1910 Rath was named president of the Normal College. The Normal College Student Alliance was organized.

1913 The Trenton Flats, located at 516 N. New Jersey Street next to the Murat Theatre, was leased for use as a women's dormitory.

The Phi Epsilon Kappa professional fraternity was organized at the Normal College.

The first volume of The Gymnast, the Normal College yearbook, was published by students; the yearbook was put out annually through 1941.

1916 The Delta Psi Kappa professional sorority was organized at the Normal College.

1921 The Normal College leased a hotel and 15 acres of land at Elkhart Lake, Wisconsin for the 1921 summer session. That fall the school purchased the site and named it Camp Brosius, in honor of George Brosius. Camp Brosius became the permanent home of the summer session.

1923 The Wadsworth Building at 1240 N. Broadway was leased to replace the Trenton Flats as the women's dormitory.

1932 The Normal College entered into an affiliation with Indiana University. Normal College students would take their first three years of courses at Indianapolis and their final year at Bloomington. The Normal College did not offer all of the courses needed to meet increasing requirements for teacher certification in many states. The affiliation resolved that problem.

The Millikan Home at 1304 N. Delaware was leased to replace the Wadsworth Building as the women's dormitory. The lease was canceled in 1934.

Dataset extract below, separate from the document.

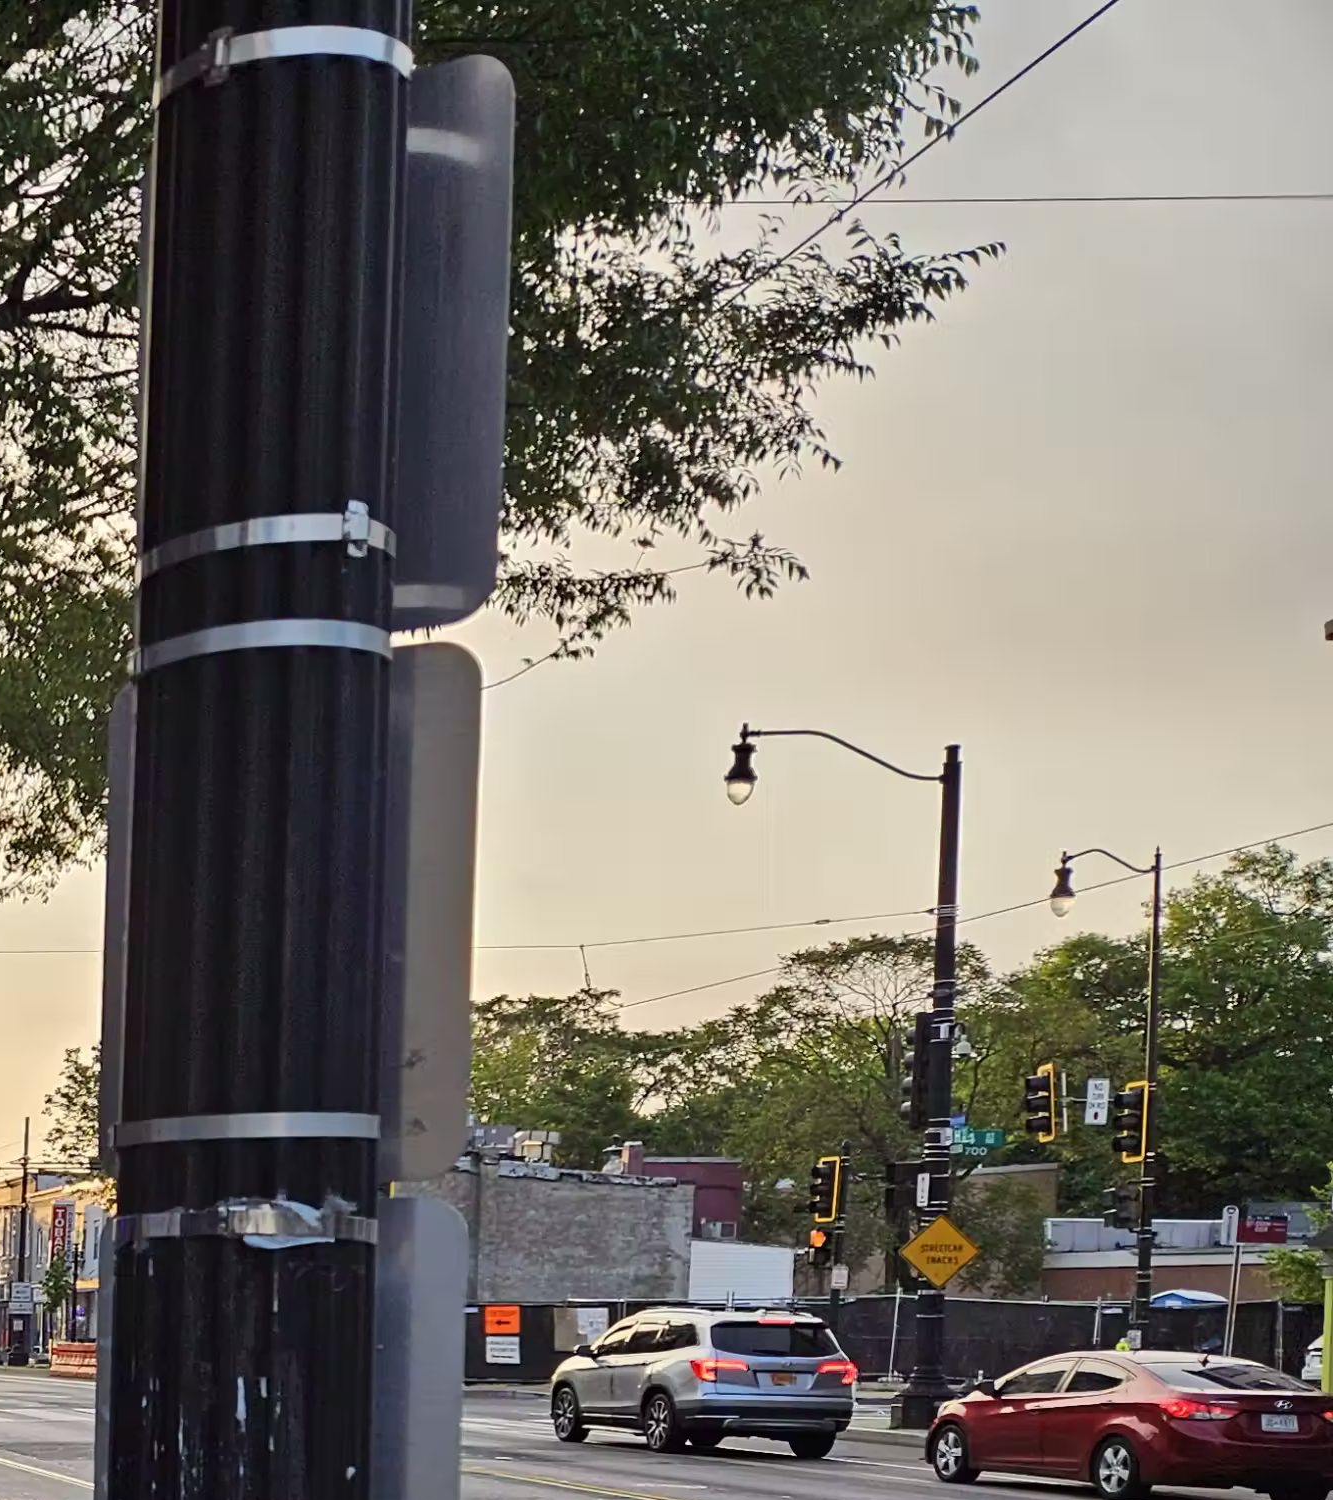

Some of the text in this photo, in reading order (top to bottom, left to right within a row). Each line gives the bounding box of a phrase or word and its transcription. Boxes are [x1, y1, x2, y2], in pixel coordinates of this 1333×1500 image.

[965, 1147, 987, 1155] 700
[920, 1244, 963, 1253] STREETCAR
[927, 1256, 958, 1265] TRACKS

1934 Emil Rath resigned as president of the Normal College to take the job of director of physical education and health in the Indianapolis Public Schools. Dr. Carl B. Sputh, Sr. was named as the new president of the Normal College. Rudolph Schreiber was appointed dean of the Department of Theory and Practice in Physical Education and Emil Rinsch became dean of the Department of Education, Social Science and Language.

The possibility of merging the Normal College with Indiana University was first discussed.

1940 The national convention of the American Turners voted to give the trustees of the Normal College the authority to merge the school with a major university.

1941 The trustees voted to merge the school with Indiana University. The Normal College's name was officially changed to the Normal College of the American Gymnastic Union of Indiana University. The Normal College was an autonomous school within IU. Normal College students took the first two years of classes at Indianapolis and the last two years at Bloomington. Dr. Willard W. Patty, chairman of the Physical Welfare Department of the IU School of Education was appointed director with Clara Hester as his assistant. All graduates of the Normal College would be considered alumni of Indiana University, and Camp Brosius became the property of IU.

1946 Indiana University established the School of Health, Physical Education, and Recreation with Dr. Patty as dean. The Normal College became a division of the new school, and Clara Hester succeeded Patty as director.

1957 The Carl B. Sputh Memorial Scholarship and the William A. Stecher Honor Award were established.

1963 Clara Hester stepped down as director but continued teaching until her retirement in 1968. Lola Lohse was appointed director.

1966 The school celebrated its centennial anniversary with a special pageant prepared and performed by the students.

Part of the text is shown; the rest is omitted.